A semi-automatic, robust and reproducible procedure was proposed to pre-process and analyse respiratory tracks, based on Functional Data Analysis (FDA) techniques, to identify representative breath curve and the corresponding breathing patterns. This was achieved through three steps: 1) breath separation through precise localization of the minima of the volume trace; 2) functional outlier breaths detection according to time-duration, magnitude and shape; 3) breath clustering to identify different pattern of interest, through K-medoids with Alignment. The method was firstly validated on simulated tracks and then applied to real data in conditions of clinical interest: operational volume change, exercise, mechanical ventilation, paradoxical breathing and age.
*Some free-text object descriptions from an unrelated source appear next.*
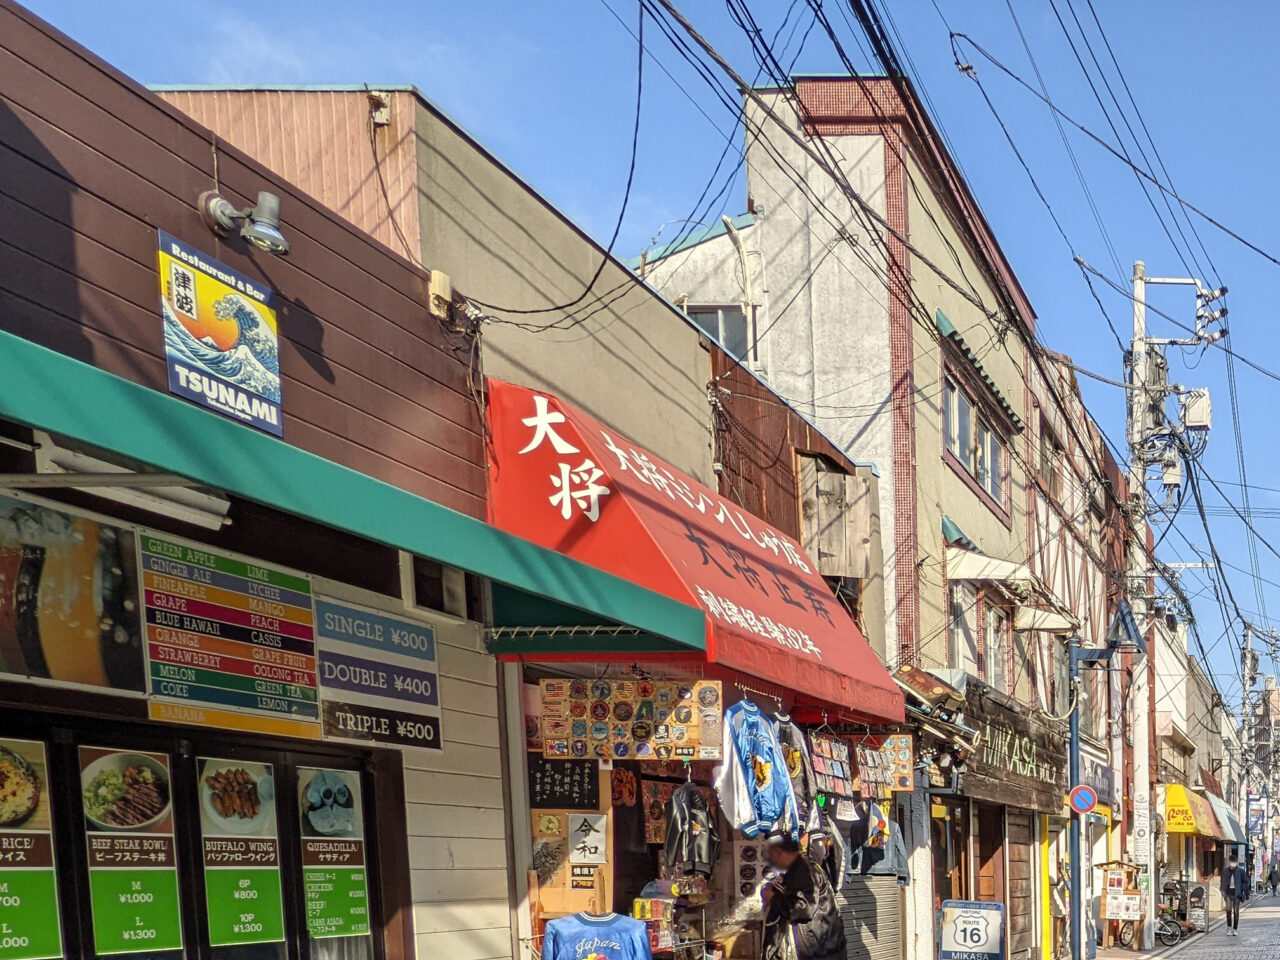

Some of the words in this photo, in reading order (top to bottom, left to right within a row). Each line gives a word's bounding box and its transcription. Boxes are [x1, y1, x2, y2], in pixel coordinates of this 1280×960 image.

[170, 243, 236, 288] Restaurant
[237, 280, 245, 291] &
[245, 283, 265, 301] Bar
[174, 267, 194, 317] 津波
[174, 363, 279, 426] TSUNAMI
[518, 395, 611, 522] 大将
[149, 539, 182, 560] GREEN
[187, 549, 216, 568] APPLE
[150, 558, 188, 578] GINGER
[193, 569, 212, 583] ALE
[247, 566, 269, 581] LIME
[153, 575, 207, 599] PINEAPPLE
[248, 582, 281, 601] LYCHEE
[153, 593, 187, 612] GRAPE
[249, 599, 285, 617] MANGO
[155, 611, 181, 626] BLUE
[183, 616, 221, 635] HAWAII
[250, 614, 280, 631] PEACH
[155, 628, 200, 647] ORANGE
[251, 631, 282, 647] CASSIS
[324, 612, 384, 642] SINGLE
[390, 627, 428, 652] ¥300
[158, 647, 221, 668] STRAWBERRY
[252, 649, 282, 664] GRAPE
[283, 654, 307, 668] FRUIT
[159, 665, 196, 681] MELON
[253, 665, 292, 681] OOLONG
[293, 671, 310, 685] TEA
[323, 660, 387, 689] DOUBLE
[393, 674, 431, 697] ¥400
[160, 682, 189, 697] COKE
[254, 680, 283, 695] GREEN
[285, 685, 302, 698] TEA
[160, 705, 206, 722] BANANA
[257, 697, 288, 712] LEMON
[335, 711, 390, 735] TRIPLE
[396, 720, 434, 741] ¥500
[983, 720, 1037, 777] MIKASA
[92, 839, 112, 849] BEEF
[114, 839, 141, 850] STEAK
[205, 841, 246, 851] BUFFALO
[574, 817, 601, 859] 令和
[95, 852, 167, 862] ビーフステーキ丼
[318, 854, 350, 862] ケサディア
[131, 881, 142, 890] M
[234, 890, 258, 899] ¥800
[0, 896, 20, 907] 00
[135, 917, 144, 926] L
[240, 914, 255, 922] 10P
[2, 924, 12, 933] L
[960, 927, 981, 943] 16
[575, 937, 621, 958] Japan
[951, 952, 989, 960] MIKASA
The total error in the accuracy of minima detection and in was less than 5%; with the artificial outliers being almost completely removed with an accuracy of 99%. During incremental exercise and independently on the bike resistance level, five clusters were identified (quiet breathing; recovery phase; onset of exercise; maximal and intermediate levels of exercise). During mechanical ventilation, the procedure was able to separate the non-ventilated from the ventilatory-supported breathing and to identify the worsening of paradoxical breathing due to the disease progression and the breathing pattern changes in healthy subjects due to age.
We proposed a robust validated automatic breathing patterns identification algorithm that extracted representative curves that could be implemented in clinical practice for objective comparison of the breathing patterns within and between subjects. In all case studies the identified patterns proved to be coherent with the clinical conditions and the physiopathology of the subjects, therefore enforcing the potential clinical translational value of the method.
持续的大流行证明了评估受试者呼吸功能的重要性,在安静呼吸期间测量呼吸模式在几乎所有患者中都是可行的,即使是那些不合作的患者也是如此。呼吸模式由个体的潮气量和呼吸频率组成,通过肺或胸壁容积随时间变化的数据轨迹进行评估。这些数据的最先进分析需要依赖操作人员的选择,例如在轨迹中个体化局部最小值、消除异常呼吸和个体化对应不同呼吸模式的呼吸簇。
提出了一种半自动、稳健且可重复的预处理和分析呼吸轨迹的程序,该程序基于功能数据分析(FDA)技术,以识别代表性的呼吸曲线和相应的呼吸模式。这是通过三个步骤实现的:1)通过精确定位体积轨迹的最小值来进行呼吸分离;2)根据时间持续时间、幅度和形状检测功能异常呼吸;3)通过 K-medoids 与 Alignment 进行呼吸聚类,以识别不同感兴趣的模式。该方法首先在模拟轨迹上进行验证,然后应用于临床感兴趣的真实数据:操作容积变化、运动、机械通气、矛盾呼吸和年龄。
在最小检测精度和时间上的总误差小于 5%;通过人工异常值的去除,准确率达到 99%。在递增运动期间,并且与自行车阻力水平无关,共识别出五个簇(安静呼吸;恢复阶段;运动开始;最大和中等运动水平)。在机械通气期间,该程序能够将未通气与通气支持的呼吸分开,并识别出由于疾病进展导致的矛盾呼吸恶化以及由于年龄导致的健康受试者呼吸模式的变化。
我们提出了一种稳健的自动呼吸模式识别算法,该算法提取了代表性曲线,可在临床实践中实施,用于在个体内和个体间客观比较呼吸模式。在所有案例研究中,所识别的模式都与临床情况和受试者的病理生理学一致,因此加强了该方法的潜在临床转化价值。